**WHAT THE TASK REQUIRES**
Reproduce the complete set of records exactly. No picture is to appear in the copy.

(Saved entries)
• • • •

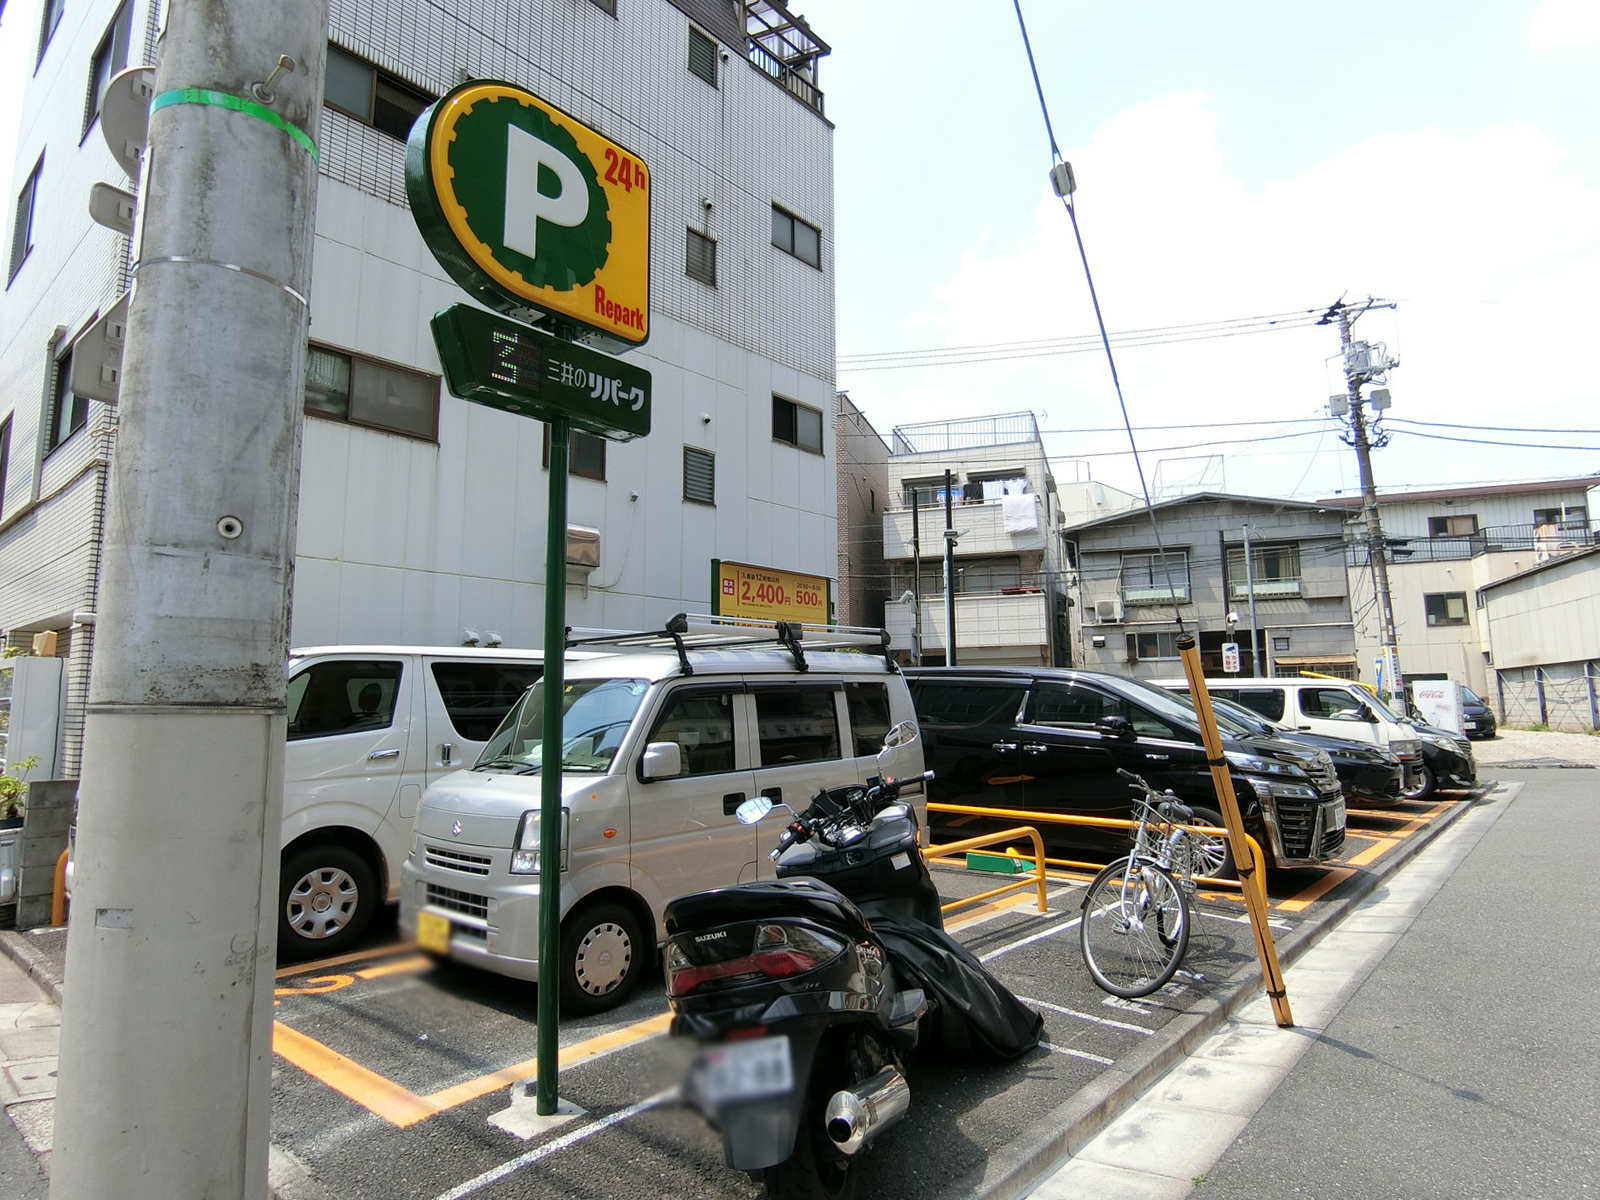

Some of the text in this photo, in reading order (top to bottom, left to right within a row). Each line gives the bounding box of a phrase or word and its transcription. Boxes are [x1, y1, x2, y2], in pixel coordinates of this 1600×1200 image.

[503, 122, 589, 260] P
[604, 147, 646, 193] 24h
[594, 284, 644, 333] Repark
[547, 357, 645, 413] 三井のリパーク
[695, 930, 727, 943] SUZUKI

• • • •

**SOLUTION TO THE EXERCISE**
Some of the text in this photo, in reading order (top to bottom, left to right within a row). Each line gives the bounding box of a phrase or word and its transcription. Boxes are [x1, y1, x2, y2], in pixel coordinates of this 1600×1200 image.

[503, 122, 589, 260] P
[604, 147, 646, 193] 24h
[594, 284, 644, 333] Repark
[547, 357, 645, 413] 三井のリパーク
[695, 930, 727, 943] SUZUKI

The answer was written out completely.